**INPUT DATA**

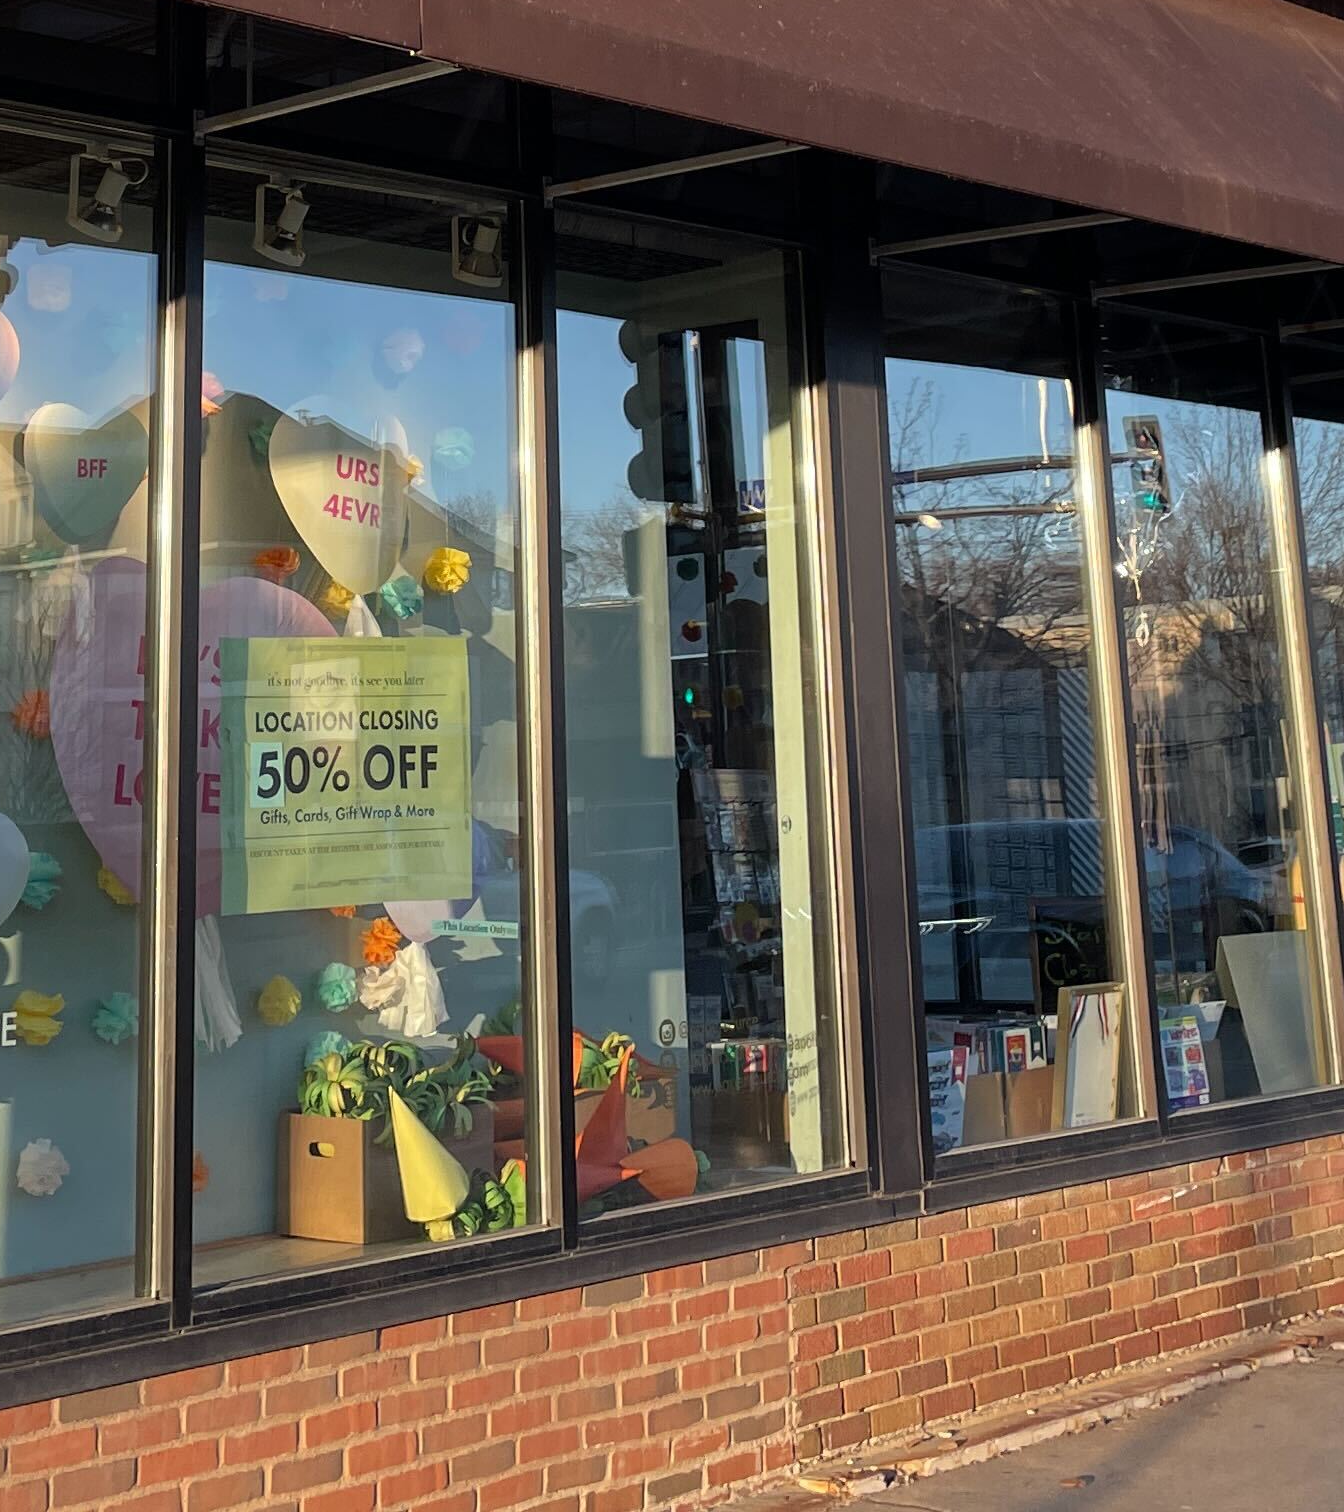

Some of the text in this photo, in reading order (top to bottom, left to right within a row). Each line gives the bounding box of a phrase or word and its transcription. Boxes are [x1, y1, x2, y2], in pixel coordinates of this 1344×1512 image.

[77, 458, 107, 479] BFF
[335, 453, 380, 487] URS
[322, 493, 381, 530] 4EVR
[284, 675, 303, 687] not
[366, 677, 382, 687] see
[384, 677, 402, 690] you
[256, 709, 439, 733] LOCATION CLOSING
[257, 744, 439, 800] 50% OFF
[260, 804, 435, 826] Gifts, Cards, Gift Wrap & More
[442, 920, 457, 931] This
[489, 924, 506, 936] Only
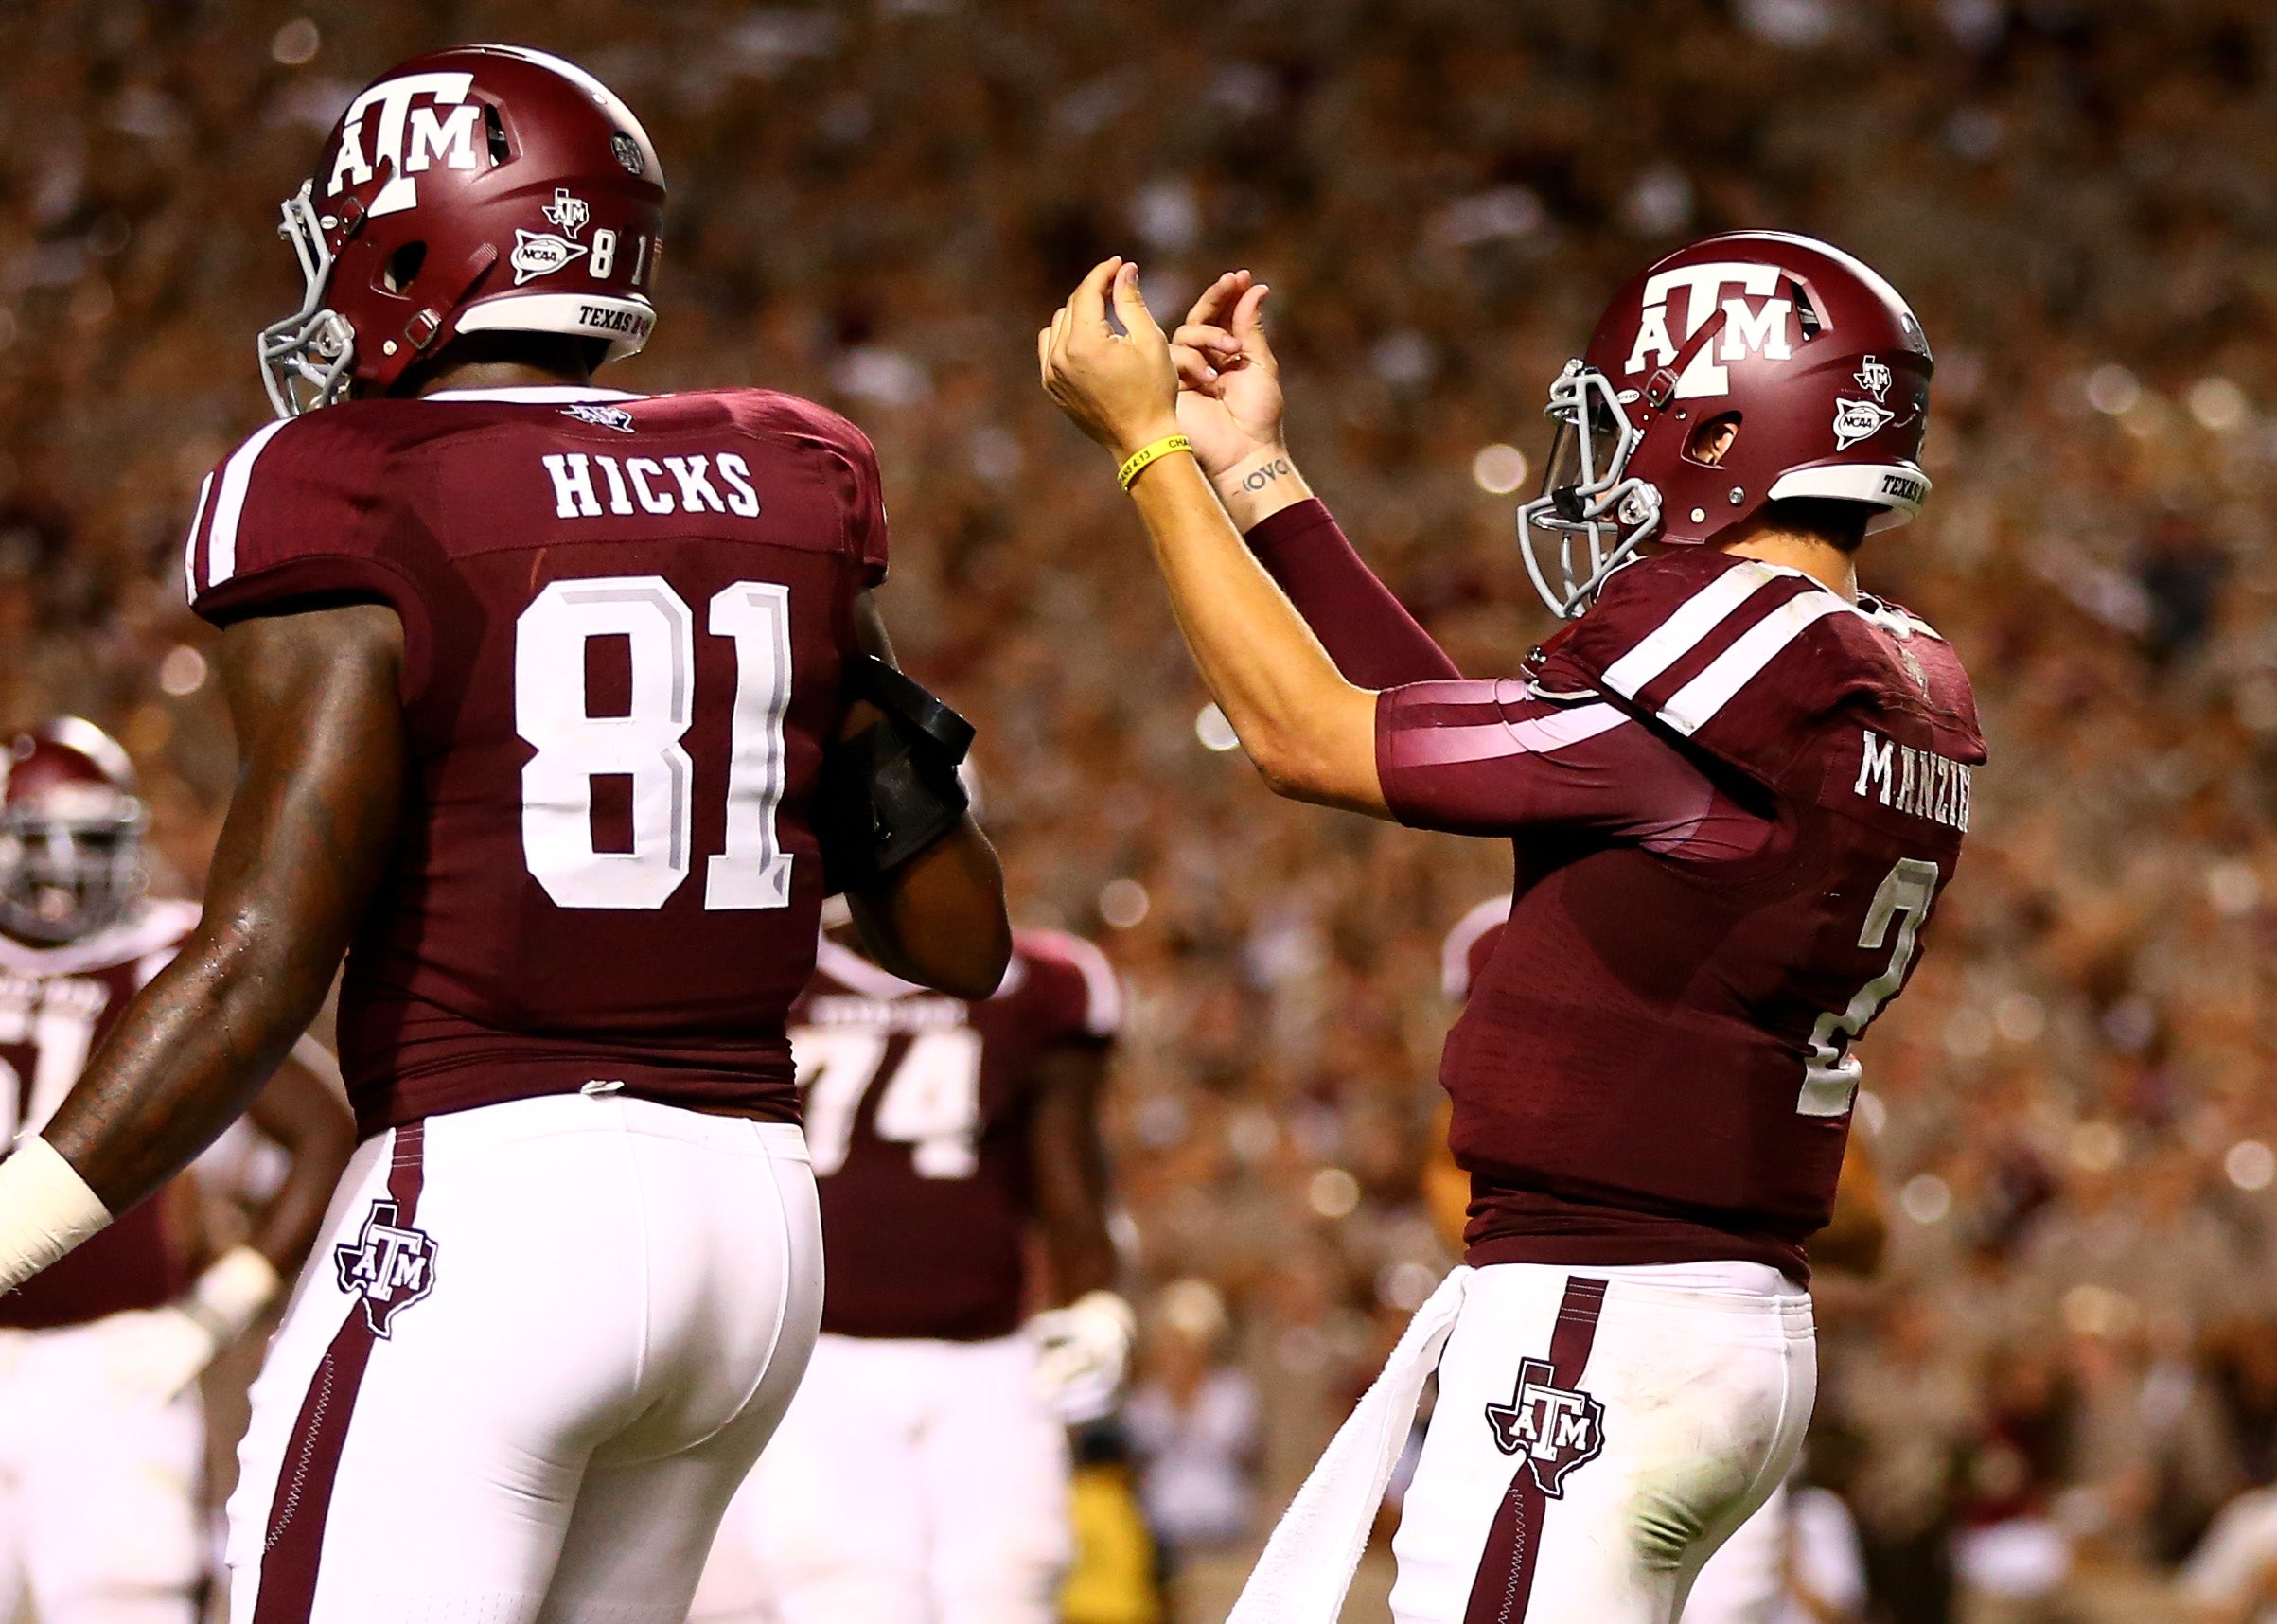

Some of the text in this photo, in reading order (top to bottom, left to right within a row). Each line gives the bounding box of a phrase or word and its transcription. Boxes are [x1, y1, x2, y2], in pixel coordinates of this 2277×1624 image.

* * *

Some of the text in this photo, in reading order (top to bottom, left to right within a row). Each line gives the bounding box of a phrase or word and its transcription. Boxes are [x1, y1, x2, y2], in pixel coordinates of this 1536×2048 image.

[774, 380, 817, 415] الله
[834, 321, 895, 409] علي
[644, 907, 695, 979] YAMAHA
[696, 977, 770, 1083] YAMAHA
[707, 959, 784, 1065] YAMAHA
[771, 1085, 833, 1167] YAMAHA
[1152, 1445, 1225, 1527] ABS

**EXERCISE GOAL**
Using the records above, repeat exactly the run of lines that starts with the line with "this 1344×1512 image." and goes on through the line with "this 2277×1624 image."; omit each picture.

**YOUR SOLUTION**
Some of the text in this photo, in reading order (top to bottom, left to right within a row). Each line gives the bounding box of a phrase or word and its transcription. Boxes are [x1, y1, x2, y2], in pixel coordinates of this 1344×1512 image.

[77, 458, 107, 479] BFF
[335, 453, 380, 487] URS
[322, 493, 381, 530] 4EVR
[284, 675, 303, 687] not
[366, 677, 382, 687] see
[384, 677, 402, 690] you
[256, 709, 439, 733] LOCATION CLOSING
[257, 744, 439, 800] 50% OFF
[260, 804, 435, 826] Gifts, Cards, Gift Wrap & More
[442, 920, 457, 931] This
[489, 924, 506, 936] Only

Some of the text in this photo, in reading order (top to bottom, left to right within a row). Each line gives the bounding box of a phrase or word and its transcription. Boxes are [x1, y1, x2, y2], in pixel coordinates of this 2277×1624 image.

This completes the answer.